▶ WHAT THE EXERCISE ASKS: Every entry that appears below is to be output exactly.

▶ MATERIAL SHOWN:
########################################
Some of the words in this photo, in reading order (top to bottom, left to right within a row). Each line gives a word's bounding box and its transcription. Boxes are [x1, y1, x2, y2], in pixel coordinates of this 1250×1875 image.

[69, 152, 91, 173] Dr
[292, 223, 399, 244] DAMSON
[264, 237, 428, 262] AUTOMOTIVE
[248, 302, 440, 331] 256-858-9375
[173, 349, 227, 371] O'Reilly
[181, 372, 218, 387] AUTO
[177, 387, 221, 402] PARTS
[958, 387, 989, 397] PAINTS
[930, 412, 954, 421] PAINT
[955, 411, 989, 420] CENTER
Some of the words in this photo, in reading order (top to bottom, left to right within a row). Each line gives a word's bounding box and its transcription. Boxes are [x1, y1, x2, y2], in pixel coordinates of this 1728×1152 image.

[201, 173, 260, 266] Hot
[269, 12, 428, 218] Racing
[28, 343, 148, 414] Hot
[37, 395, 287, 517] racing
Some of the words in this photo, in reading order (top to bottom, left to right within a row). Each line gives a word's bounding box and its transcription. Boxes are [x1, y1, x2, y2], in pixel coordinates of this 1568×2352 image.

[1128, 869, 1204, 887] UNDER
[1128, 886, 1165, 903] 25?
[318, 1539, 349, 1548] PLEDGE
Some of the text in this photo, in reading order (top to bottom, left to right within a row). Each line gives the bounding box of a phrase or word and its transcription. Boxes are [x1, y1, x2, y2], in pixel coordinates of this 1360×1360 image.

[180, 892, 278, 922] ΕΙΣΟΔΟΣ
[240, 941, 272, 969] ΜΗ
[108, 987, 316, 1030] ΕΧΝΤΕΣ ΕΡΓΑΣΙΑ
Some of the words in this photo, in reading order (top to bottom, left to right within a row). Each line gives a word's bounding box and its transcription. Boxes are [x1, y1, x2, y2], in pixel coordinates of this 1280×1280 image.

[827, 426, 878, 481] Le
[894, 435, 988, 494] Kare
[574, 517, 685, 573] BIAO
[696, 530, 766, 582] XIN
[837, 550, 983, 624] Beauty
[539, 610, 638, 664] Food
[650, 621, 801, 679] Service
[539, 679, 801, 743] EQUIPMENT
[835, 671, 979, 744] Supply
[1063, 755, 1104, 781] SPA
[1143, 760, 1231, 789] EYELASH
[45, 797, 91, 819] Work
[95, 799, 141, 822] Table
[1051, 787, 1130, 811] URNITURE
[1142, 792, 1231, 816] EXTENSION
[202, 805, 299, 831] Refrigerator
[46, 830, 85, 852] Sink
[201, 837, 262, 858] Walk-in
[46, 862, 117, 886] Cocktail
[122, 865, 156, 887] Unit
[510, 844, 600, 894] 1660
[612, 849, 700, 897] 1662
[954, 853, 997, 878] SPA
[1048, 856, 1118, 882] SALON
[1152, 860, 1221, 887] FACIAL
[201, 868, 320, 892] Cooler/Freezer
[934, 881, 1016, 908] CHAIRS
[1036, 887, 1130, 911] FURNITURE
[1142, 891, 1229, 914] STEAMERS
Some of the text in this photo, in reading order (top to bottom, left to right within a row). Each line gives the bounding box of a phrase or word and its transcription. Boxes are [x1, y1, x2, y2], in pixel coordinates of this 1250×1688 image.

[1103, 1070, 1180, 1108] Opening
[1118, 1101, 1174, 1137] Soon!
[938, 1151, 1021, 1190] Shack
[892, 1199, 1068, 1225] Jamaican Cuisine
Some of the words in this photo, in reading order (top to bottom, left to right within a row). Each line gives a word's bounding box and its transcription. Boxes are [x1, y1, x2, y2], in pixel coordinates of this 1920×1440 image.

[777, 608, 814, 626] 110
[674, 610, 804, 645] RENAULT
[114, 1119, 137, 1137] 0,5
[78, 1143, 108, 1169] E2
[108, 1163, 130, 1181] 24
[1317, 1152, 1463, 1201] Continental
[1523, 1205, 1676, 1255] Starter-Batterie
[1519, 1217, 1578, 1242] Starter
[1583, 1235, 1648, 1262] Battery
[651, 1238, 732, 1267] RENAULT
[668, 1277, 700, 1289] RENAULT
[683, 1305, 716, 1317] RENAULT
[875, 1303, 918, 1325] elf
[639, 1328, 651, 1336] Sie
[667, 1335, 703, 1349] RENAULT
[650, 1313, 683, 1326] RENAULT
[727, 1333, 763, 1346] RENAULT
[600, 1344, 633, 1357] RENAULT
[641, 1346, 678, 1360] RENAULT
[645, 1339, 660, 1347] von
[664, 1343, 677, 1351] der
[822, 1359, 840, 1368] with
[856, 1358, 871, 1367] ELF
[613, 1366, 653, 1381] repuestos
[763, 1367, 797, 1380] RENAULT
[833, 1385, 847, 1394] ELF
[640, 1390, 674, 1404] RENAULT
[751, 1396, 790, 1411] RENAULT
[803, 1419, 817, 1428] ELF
########################################
▶ TASK SOLUTION:
Some of the words in this photo, in reading order (top to bottom, left to right within a row). Each line gives a word's bounding box and its transcription. Boxes are [x1, y1, x2, y2], in pixel coordinates of this 1250×1875 image.

[69, 152, 91, 173] Dr
[292, 223, 399, 244] DAMSON
[264, 237, 428, 262] AUTOMOTIVE
[248, 302, 440, 331] 256-858-9375
[173, 349, 227, 371] O'Reilly
[181, 372, 218, 387] AUTO
[177, 387, 221, 402] PARTS
[958, 387, 989, 397] PAINTS
[930, 412, 954, 421] PAINT
[955, 411, 989, 420] CENTER
Some of the words in this photo, in reading order (top to bottom, left to right within a row). Each line gives a word's bounding box and its transcription. Boxes are [x1, y1, x2, y2], in pixel coordinates of this 1728×1152 image.

[201, 173, 260, 266] Hot
[269, 12, 428, 218] Racing
[28, 343, 148, 414] Hot
[37, 395, 287, 517] racing
Some of the words in this photo, in reading order (top to bottom, left to right within a row). Each line gives a word's bounding box and its transcription. Boxes are [x1, y1, x2, y2], in pixel coordinates of this 1568×2352 image.

[1128, 869, 1204, 887] UNDER
[1128, 886, 1165, 903] 25?
[318, 1539, 349, 1548] PLEDGE
Some of the text in this photo, in reading order (top to bottom, left to right within a row). Each line gives the bounding box of a phrase or word and its transcription. Boxes are [x1, y1, x2, y2], in pixel coordinates of this 1360×1360 image.

[180, 892, 278, 922] ΕΙΣΟΔΟΣ
[240, 941, 272, 969] ΜΗ
[108, 987, 316, 1030] ΕΧΝΤΕΣ ΕΡΓΑΣΙΑ
Some of the words in this photo, in reading order (top to bottom, left to right within a row). Each line gives a word's bounding box and its transcription. Boxes are [x1, y1, x2, y2], in pixel coordinates of this 1280×1280 image.

[827, 426, 878, 481] Le
[894, 435, 988, 494] Kare
[574, 517, 685, 573] BIAO
[696, 530, 766, 582] XIN
[837, 550, 983, 624] Beauty
[539, 610, 638, 664] Food
[650, 621, 801, 679] Service
[539, 679, 801, 743] EQUIPMENT
[835, 671, 979, 744] Supply
[1063, 755, 1104, 781] SPA
[1143, 760, 1231, 789] EYELASH
[45, 797, 91, 819] Work
[95, 799, 141, 822] Table
[1051, 787, 1130, 811] URNITURE
[1142, 792, 1231, 816] EXTENSION
[202, 805, 299, 831] Refrigerator
[46, 830, 85, 852] Sink
[201, 837, 262, 858] Walk-in
[46, 862, 117, 886] Cocktail
[122, 865, 156, 887] Unit
[510, 844, 600, 894] 1660
[612, 849, 700, 897] 1662
[954, 853, 997, 878] SPA
[1048, 856, 1118, 882] SALON
[1152, 860, 1221, 887] FACIAL
[201, 868, 320, 892] Cooler/Freezer
[934, 881, 1016, 908] CHAIRS
[1036, 887, 1130, 911] FURNITURE
[1142, 891, 1229, 914] STEAMERS
Some of the text in this photo, in reading order (top to bottom, left to right within a row). Each line gives the bounding box of a phrase or word and its transcription. Boxes are [x1, y1, x2, y2], in pixel coordinates of this 1250×1688 image.

[1103, 1070, 1180, 1108] Opening
[1118, 1101, 1174, 1137] Soon!
[938, 1151, 1021, 1190] Shack
[892, 1199, 1068, 1225] Jamaican Cuisine
Some of the words in this photo, in reading order (top to bottom, left to right within a row). Each line gives a word's bounding box and its transcription. Boxes are [x1, y1, x2, y2], in pixel coordinates of this 1920×1440 image.

[777, 608, 814, 626] 110
[674, 610, 804, 645] RENAULT
[114, 1119, 137, 1137] 0,5
[78, 1143, 108, 1169] E2
[108, 1163, 130, 1181] 24
[1317, 1152, 1463, 1201] Continental
[1523, 1205, 1676, 1255] Starter-Batterie
[1519, 1217, 1578, 1242] Starter
[1583, 1235, 1648, 1262] Battery
[651, 1238, 732, 1267] RENAULT
[668, 1277, 700, 1289] RENAULT
[683, 1305, 716, 1317] RENAULT
[875, 1303, 918, 1325] elf
[639, 1328, 651, 1336] Sie
[667, 1335, 703, 1349] RENAULT
[650, 1313, 683, 1326] RENAULT
[727, 1333, 763, 1346] RENAULT
[600, 1344, 633, 1357] RENAULT
[641, 1346, 678, 1360] RENAULT
[645, 1339, 660, 1347] von
[664, 1343, 677, 1351] der
[822, 1359, 840, 1368] with
[856, 1358, 871, 1367] ELF
[613, 1366, 653, 1381] repuestos
[763, 1367, 797, 1380] RENAULT
[833, 1385, 847, 1394] ELF
[640, 1390, 674, 1404] RENAULT
[751, 1396, 790, 1411] RENAULT
[803, 1419, 817, 1428] ELF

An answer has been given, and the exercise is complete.